Should we be using Social Logins over the traditional process?
65% of consumers prefer social logins to forms. The statistics are hard to disagree with.
Logging in has always been the bane of the browser (the human browser that is). Trying to access a piece of content, only to be halted by a collection of input fields. Input fields that will invariably lead to yet more spam in your email account. Even if we use our spam email account, how will we remember our login details next time around – spam account or normal account; normal password, or the password that has to have 5 non-alphanumeric characters.
It’s a pain, and unfortunately an experience us UX designers can’t entirely eradicate from the web. Logins are needed to protect our sites from undesirables, demanded by our marketing department, and to provide better experiences to individual users.
A few of years ago, in stepped the Social login. A means to login through your social networks – your Facebook, Twitter, Google, or other account. No longer would we have to face form fields again. No longer would we have to remember a multitude of usernames and passwords. Everything centralised, everything simplified. Sign in with just the click of a button.
Source: Blue-Research Study
Blue-Research’s study is hard to ignore, the results are overwhelmingly in favour of Social Login. It is hard to disagree with. Not only do 65% prefer social logins, but 60% believe that companies offering social logging are more up to date and innovative; not only do they benefit the user, they benefit your brand.
Logic, and these statistics, dictate that social login is a no brainer. However, take this information with a grain of salt. One survey-study can not be wholly believed until we see this concept in action, and for this we move onto MailChimp’s experience of going social.
In 2012, the UX designers over at MailChimp realised 100,000s of users were stalling at the login screen.
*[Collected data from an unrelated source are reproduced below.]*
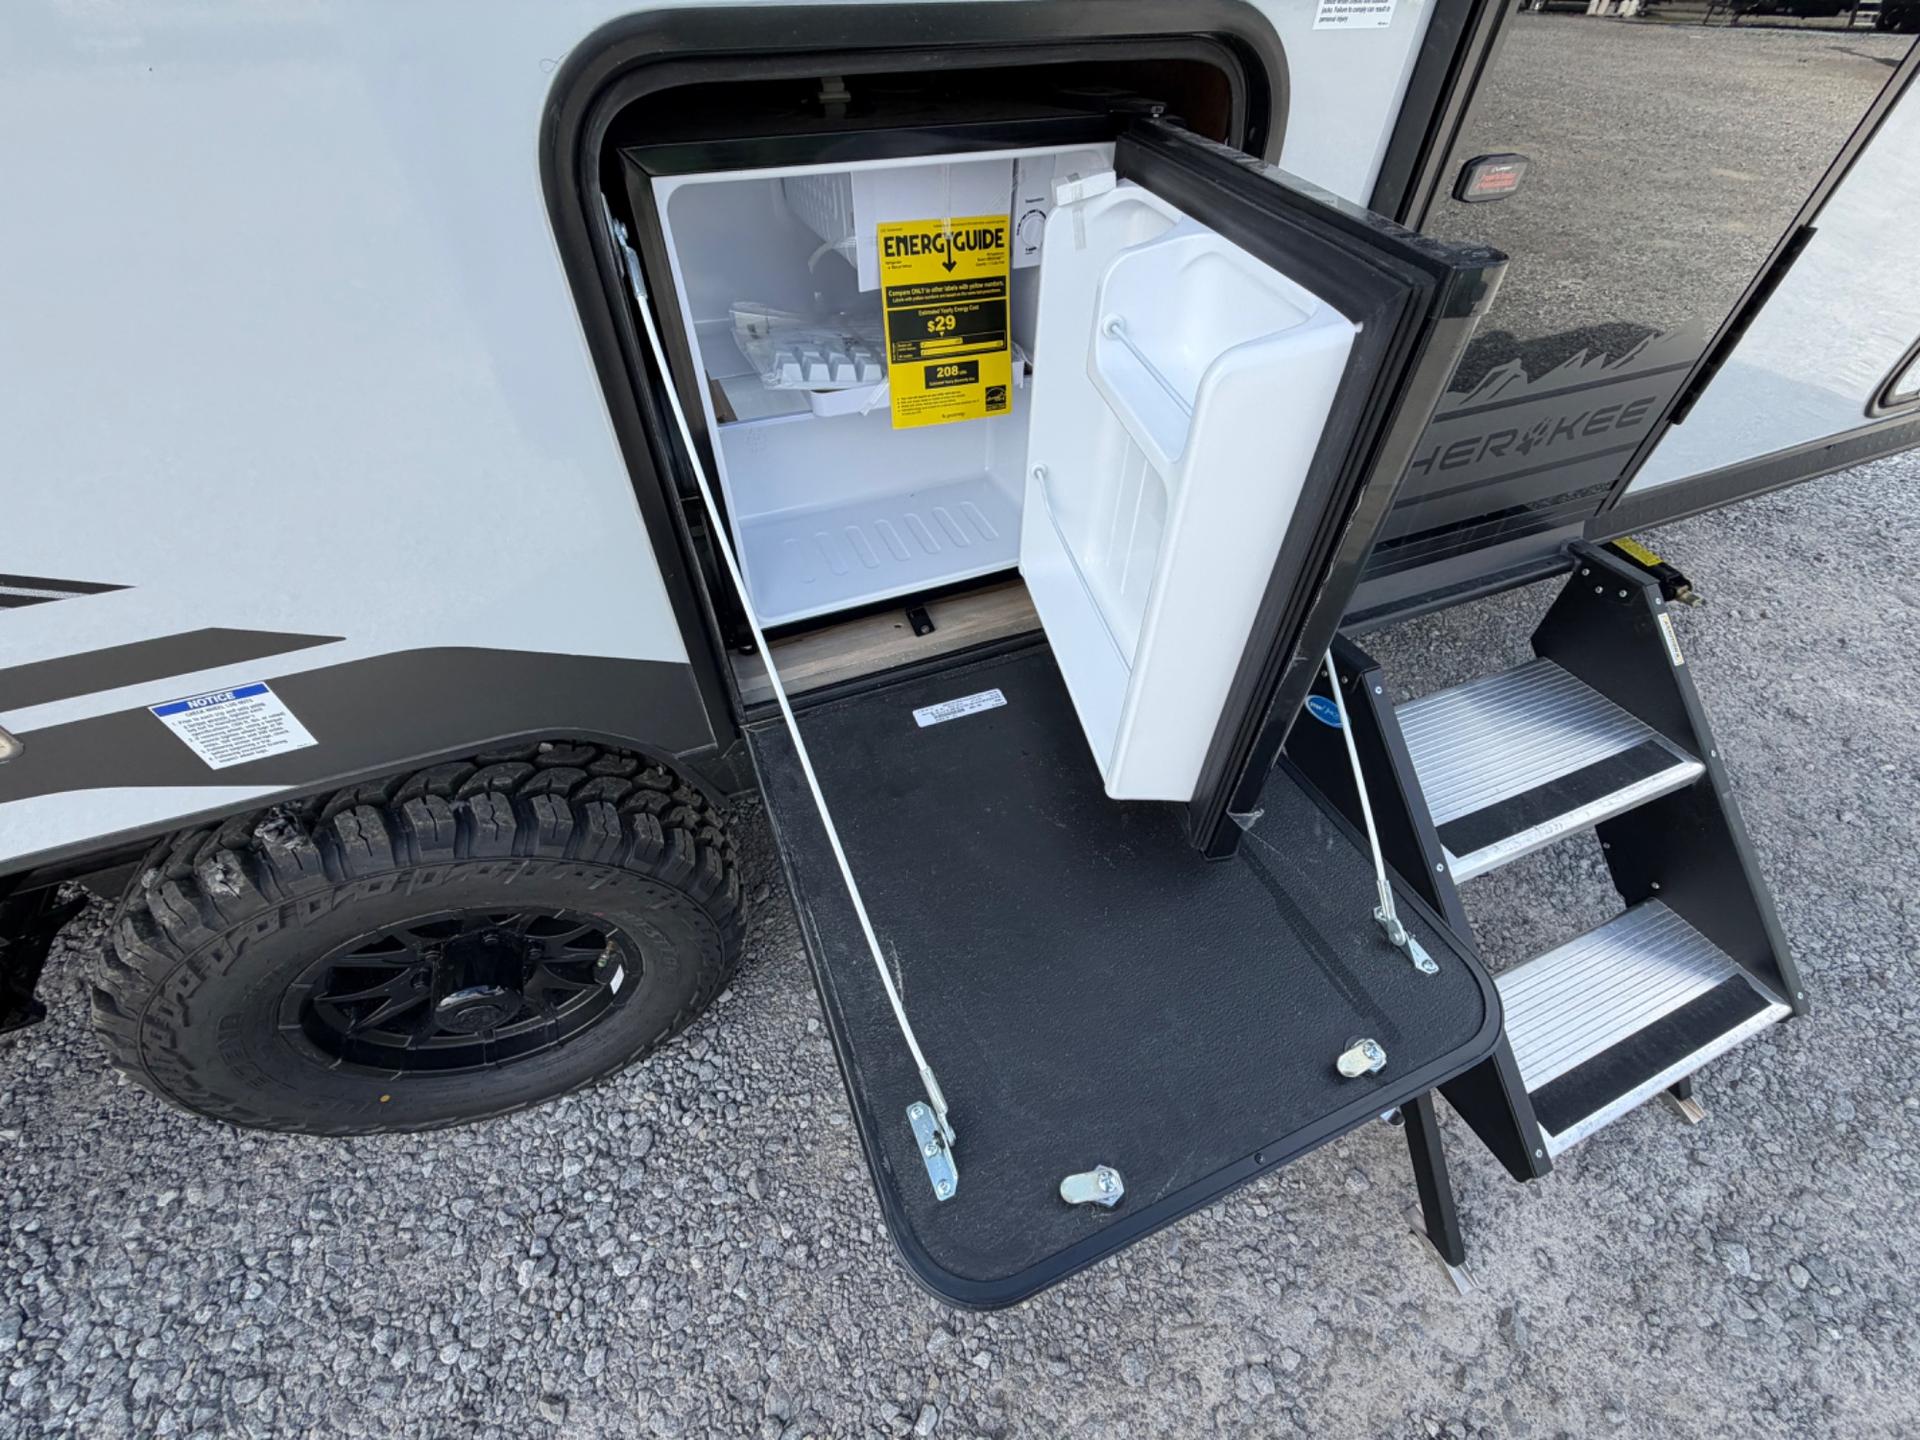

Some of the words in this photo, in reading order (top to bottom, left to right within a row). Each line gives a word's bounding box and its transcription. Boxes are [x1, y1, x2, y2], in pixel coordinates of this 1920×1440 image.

[884, 228, 1005, 257] ENERGYGUIDE
[927, 315, 956, 333] $29
[937, 365, 959, 378] 208
[1412, 396, 1657, 475] HEROKEE
[187, 691, 236, 710] NOTICE
Forgetting their username, password, or both. Their solution? To switch to social logins. Moving everything to the click of a button, and centralising people’s accounts by tying them all to one social network.
The result? A 71% decrease in failed login attempts, and a 42% decrease in password resets. Success was so simple!
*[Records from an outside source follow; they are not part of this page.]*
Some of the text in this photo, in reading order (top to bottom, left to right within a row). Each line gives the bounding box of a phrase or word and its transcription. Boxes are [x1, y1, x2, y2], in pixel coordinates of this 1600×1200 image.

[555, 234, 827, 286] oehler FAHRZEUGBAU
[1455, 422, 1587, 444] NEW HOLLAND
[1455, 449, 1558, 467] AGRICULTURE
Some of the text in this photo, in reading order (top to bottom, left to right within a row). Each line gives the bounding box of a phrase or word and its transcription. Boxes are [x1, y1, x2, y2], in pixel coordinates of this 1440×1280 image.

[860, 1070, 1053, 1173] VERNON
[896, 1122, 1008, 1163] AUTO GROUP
Or not. Further insights showed that just 3.4% of users actually made use of MailChimp’s new social logins. On top of this, their CEO declared that he felt the logins cheapened the experience, devaluing the brand and cluttering the page by using Facebook and Twitter buttons.
In fact the whole change came about via better copywriting and error handling introduced with the change, read more here.
The pitfalls of the social login
Though users may perceive social logins to be easier, they’re potentially extremely harmful.
Login is reliant on a third party. Who do the accounts belong to, and what happens if/when that third party disappears? A third party that:
- Could dissolve at any point, out of your control.
- Could suffer a security breach, out of your control
In addition to this, your site advocates that third party. When opinion slips on that third party – as we’ve seen with Facebook in the past – yours will suffer. If sudden privacy scares have people running from Facebook, they’ll no longer trust their account on your own site which exists only through Facebook.
It doesn’t matter if the user believes they are getting a better deal, if they don’t actually receive one.
Are forms, and the complex mix of usernames/passwords here to remain?
This is a question with many answers. In short: Yes.
We are always going to have to suffer the username/password combo, if only for the sake of our own security. There are though ways in which us UX designers can improve the experience of such situations, ensuring conversions remain as high as can be.
Improved Copy/ Error Handling
This is what MailChimp discovered to be the real game changer. By changing their errors from “username/password incorrect” to specifying whether it was the username or password that was incorrect, users could better identify where they were going wrong.
53% of users have 5+ usernames/passwords. If a user has 5 usernames, and 5 passwords to choose from, that is 25 combinations. By reducing the number of possible combinations we ensure a resolution can be found quickly, and before they are locked out of their account!
Social for Mobile
Despite all the bad things said about social login, there is one place it reigns supreme: Mobile.
Filling out forms takes much more time and effort than they would with a proper keyboard. The mobile world is quick and easy, and with mobile users owning an average of 25 apps that’s a lot of accounts to remember.
Social logins ensure you can breeze through the login/signup process. Thus why it’s no wonder it is the go to method for a plethora of apps: from Foursquare to Duolingo. Mobile users are fickle and will quickly move onto the next big app. It is easier to jump ship, to your ship, if the lengthy signup process has disappeared altogether.
If possible, remove the signup process altogether
Rather extreme, but extremely effective. In the ecommerce world, a user’s motivation to buy a product is directly proportional to their desire to fill out a form.
If a buyer reaches the end of the checkout, and is forced to sign up before confirming their purchase, you provide them with one final chance to make their decision. They will only sign up if they really want that product. You give them a chance to change their mind.
The process has to remain, quick, simple, and streamlined to ensure conversion remains at the top. This is where the $300 Million button comes in.
In the same vein, ASOS managed to halve their abandonment rate by removing the signup prompt altogether. Instead users were registered without being told so.
For ecommerce especially, signups should be an optional step in the process. Selling goods, making money, is the number one priority.